A People's Lament
The Premonition
My father told of a
fearful dream. He said:
"I dreamt I saw the greatest emigration that has yet been through
our country.
I looked North and South and East and West and saw nothing but dust,
And I heard a great weeping.
I saw women crying,
and my men shot down by the white people.
Oh, my dear children!
You may all think it is only a dream,
But I feel that it will come to pass."
Soon there will come
from the rising sun a different kind of man from any you have yet seen.
They will bring with them a book that will teach you everything.
After that, the world will fall to pieces.
The Theft
The white men are
like the locusts when they fly so thick that the whole sky is a
snowstorm.
You may kill one - two - ten -
And ten times ten will come to kill you.
Count your fingers all day long and white men with guns in their hands
will come faster than you can count.
A long time ago this
land belonged to our fathers;
But when I go up to the river I see camps of soldiers on its banks.
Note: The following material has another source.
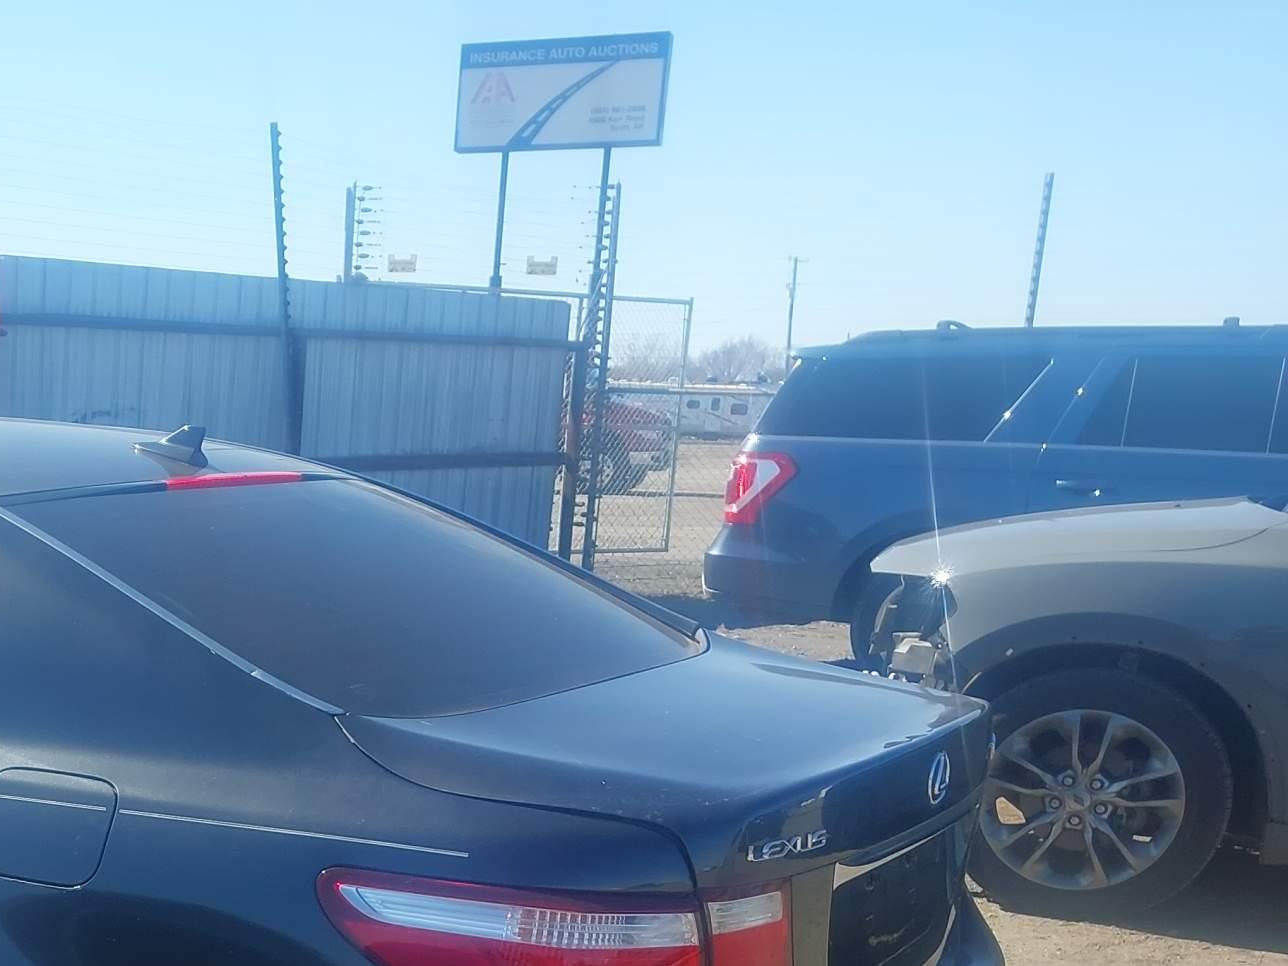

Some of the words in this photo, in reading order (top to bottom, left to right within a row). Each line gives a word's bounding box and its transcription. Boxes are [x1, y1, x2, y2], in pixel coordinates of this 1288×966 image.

These soldiers cut down my timber and kill my buffalo;
And when I see that, my heart feels like bursting.
Has the white man become a child that he should recklessly kill and not
eat?
They have run over
our country;
They have destroyed the growing wood and the green grass;
They have set fire to our lands and killed my animals:
The elk, the deer, the antelope; my buffalo.
They do not kill to eat;
They leave the bodies to rot where they fall.
We gave them
forest-clad mountains and valleys full of game,
And in return what did they give our warriors and our women?
Rum, and trinkets, and a grave.
White fathers, if I went into your country to kill your animals, what
would you say?
Would I not be wrong?
And would you not make war on me?
The white men have
crowded the Indian back year by year
Until we are forced to live in a small country north of the Platte,
And now our last hunting ground, the home of my People, is to be taken
from us.
Our women and children will starve. But for my part I prefer to die
fighting.
The Battles
I saw a great dust
rising. It looked like a whirlwind.
Soon a Sioux horseman came rushing into camp.
He cried: "Soldiers come!"
I could see warriors
flying all around me like shadows,
And the noise of all those hoofs and guns and cries was so loud that it
seemed quiet in there,
And the voices seemed to be on top of the cloud.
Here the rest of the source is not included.